== Instructions for the task ==
The output should be limited to the line holding "this 2576×1449 image." and the lines after it through the end of the entries, each restated exactly.

(Data supplied)

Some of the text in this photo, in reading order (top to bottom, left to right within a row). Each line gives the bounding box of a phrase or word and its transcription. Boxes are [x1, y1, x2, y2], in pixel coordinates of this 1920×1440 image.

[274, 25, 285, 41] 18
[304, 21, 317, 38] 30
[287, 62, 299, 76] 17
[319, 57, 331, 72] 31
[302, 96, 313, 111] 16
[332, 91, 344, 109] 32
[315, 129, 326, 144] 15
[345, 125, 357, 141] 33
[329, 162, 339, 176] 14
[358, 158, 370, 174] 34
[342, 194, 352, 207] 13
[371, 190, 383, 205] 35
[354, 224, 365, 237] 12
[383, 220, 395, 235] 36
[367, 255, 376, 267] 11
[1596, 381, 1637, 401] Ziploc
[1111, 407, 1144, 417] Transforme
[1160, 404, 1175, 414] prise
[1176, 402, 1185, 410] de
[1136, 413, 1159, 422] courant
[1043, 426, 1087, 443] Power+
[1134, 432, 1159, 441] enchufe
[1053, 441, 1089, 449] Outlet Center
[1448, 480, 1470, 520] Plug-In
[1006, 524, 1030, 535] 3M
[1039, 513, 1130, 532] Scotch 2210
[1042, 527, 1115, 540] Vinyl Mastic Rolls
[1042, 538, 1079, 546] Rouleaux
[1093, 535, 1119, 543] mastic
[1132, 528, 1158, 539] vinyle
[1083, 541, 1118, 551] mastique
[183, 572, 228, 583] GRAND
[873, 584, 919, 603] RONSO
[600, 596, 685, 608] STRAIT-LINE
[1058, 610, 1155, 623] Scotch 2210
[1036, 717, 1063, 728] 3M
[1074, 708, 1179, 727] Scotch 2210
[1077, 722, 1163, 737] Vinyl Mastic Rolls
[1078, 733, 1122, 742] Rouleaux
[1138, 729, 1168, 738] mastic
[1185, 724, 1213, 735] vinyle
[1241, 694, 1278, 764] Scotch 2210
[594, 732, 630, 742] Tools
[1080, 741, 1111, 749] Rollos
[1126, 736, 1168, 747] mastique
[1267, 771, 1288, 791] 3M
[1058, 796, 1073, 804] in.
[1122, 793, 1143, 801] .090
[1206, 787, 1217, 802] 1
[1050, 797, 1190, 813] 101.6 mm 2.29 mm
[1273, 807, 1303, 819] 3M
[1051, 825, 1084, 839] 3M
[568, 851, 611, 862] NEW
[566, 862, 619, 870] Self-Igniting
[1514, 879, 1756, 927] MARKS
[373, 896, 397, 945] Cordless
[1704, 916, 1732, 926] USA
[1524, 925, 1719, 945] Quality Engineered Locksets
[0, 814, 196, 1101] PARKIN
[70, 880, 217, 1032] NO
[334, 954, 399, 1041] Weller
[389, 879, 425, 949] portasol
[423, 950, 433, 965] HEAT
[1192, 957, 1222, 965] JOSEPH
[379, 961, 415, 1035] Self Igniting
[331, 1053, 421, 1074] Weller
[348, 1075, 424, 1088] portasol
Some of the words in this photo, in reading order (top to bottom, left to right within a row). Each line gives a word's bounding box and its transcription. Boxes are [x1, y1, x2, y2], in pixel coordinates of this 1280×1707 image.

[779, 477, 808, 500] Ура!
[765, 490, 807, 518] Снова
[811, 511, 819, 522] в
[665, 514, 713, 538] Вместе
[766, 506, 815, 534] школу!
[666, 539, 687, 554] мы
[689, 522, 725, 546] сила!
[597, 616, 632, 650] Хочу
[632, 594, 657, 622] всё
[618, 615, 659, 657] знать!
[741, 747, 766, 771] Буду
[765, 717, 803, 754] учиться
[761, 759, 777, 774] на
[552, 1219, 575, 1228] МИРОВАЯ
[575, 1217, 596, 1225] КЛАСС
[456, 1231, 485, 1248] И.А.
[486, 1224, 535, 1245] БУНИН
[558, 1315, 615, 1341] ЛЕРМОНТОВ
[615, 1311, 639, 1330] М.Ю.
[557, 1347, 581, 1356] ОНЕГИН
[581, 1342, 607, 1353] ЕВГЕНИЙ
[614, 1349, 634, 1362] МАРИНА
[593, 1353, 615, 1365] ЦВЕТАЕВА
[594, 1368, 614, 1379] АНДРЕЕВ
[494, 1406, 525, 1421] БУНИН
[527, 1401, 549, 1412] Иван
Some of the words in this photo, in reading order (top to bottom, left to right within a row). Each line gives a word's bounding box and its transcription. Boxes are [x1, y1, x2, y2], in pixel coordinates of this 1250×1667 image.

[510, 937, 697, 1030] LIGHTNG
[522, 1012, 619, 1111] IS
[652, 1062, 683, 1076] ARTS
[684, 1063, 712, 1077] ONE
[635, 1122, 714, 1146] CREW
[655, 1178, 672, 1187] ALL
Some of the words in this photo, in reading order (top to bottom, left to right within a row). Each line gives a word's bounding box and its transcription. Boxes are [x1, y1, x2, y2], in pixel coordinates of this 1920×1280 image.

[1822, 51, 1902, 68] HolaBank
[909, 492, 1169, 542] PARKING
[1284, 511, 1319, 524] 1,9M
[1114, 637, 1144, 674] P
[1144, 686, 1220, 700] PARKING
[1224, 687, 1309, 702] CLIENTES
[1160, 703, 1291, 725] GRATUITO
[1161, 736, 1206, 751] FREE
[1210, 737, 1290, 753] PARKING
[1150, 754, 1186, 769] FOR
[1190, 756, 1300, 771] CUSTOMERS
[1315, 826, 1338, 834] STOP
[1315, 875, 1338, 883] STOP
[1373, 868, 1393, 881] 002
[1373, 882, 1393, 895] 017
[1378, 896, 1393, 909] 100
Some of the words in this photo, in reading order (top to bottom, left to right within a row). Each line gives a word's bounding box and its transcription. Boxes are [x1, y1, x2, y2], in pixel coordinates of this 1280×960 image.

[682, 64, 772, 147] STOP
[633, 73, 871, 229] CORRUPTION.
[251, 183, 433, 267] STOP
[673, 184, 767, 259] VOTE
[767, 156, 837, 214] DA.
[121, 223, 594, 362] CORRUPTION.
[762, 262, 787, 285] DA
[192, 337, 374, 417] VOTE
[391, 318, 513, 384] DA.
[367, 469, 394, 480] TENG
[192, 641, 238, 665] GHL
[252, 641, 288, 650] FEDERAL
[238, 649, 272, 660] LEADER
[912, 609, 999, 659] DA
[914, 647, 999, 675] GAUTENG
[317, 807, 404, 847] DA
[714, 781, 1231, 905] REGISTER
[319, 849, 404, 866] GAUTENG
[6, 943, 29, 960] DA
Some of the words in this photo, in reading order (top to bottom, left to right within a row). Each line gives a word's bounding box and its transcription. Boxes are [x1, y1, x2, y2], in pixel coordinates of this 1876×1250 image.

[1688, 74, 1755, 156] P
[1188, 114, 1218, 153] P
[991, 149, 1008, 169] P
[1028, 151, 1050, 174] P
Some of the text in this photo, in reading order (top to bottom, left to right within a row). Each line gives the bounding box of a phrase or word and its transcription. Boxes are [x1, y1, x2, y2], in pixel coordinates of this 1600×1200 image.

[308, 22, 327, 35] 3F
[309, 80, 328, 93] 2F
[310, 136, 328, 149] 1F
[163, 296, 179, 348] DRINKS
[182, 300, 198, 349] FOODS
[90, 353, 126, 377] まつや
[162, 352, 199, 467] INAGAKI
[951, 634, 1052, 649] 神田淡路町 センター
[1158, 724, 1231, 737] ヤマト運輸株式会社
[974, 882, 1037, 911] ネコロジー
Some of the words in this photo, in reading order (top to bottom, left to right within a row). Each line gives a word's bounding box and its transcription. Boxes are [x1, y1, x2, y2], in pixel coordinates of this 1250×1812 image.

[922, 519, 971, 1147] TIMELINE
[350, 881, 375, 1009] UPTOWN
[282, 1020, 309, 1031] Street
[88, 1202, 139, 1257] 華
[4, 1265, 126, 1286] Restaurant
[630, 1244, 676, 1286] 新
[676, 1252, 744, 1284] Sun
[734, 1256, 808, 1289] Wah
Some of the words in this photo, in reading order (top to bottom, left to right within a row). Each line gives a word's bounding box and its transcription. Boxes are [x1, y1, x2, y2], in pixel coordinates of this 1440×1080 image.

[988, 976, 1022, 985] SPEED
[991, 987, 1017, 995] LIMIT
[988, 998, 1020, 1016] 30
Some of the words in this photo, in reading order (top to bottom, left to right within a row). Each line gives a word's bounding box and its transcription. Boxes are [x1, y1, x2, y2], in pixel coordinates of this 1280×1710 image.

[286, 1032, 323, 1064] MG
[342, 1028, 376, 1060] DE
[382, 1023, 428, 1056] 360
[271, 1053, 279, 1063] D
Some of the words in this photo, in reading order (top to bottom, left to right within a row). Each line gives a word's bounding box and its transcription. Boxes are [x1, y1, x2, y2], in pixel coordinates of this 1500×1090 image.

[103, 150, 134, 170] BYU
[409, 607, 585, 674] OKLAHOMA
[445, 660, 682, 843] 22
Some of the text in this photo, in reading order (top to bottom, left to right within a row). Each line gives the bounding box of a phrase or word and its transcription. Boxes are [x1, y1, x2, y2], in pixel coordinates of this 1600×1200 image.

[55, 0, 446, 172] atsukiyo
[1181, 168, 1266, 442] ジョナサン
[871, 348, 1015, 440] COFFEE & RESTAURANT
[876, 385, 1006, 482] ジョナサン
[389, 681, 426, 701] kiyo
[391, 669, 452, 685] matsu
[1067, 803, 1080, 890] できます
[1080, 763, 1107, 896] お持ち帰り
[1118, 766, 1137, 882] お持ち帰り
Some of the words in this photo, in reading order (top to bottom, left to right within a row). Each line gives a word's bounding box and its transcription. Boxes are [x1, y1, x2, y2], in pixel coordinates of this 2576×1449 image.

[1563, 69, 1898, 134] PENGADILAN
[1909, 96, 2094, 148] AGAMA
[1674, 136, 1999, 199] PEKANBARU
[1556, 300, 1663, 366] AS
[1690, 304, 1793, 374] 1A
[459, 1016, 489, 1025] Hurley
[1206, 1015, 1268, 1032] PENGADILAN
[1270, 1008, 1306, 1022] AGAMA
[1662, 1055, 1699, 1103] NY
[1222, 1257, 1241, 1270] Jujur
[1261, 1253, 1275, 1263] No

(End Data supplied)

== Solution to this problem ==
Some of the words in this photo, in reading order (top to bottom, left to right within a row). Each line gives a word's bounding box and its transcription. Boxes are [x1, y1, x2, y2], in pixel coordinates of this 2576×1449 image.

[1563, 69, 1898, 134] PENGADILAN
[1909, 96, 2094, 148] AGAMA
[1674, 136, 1999, 199] PEKANBARU
[1556, 300, 1663, 366] AS
[1690, 304, 1793, 374] 1A
[459, 1016, 489, 1025] Hurley
[1206, 1015, 1268, 1032] PENGADILAN
[1270, 1008, 1306, 1022] AGAMA
[1662, 1055, 1699, 1103] NY
[1222, 1257, 1241, 1270] Jujur
[1261, 1253, 1275, 1263] No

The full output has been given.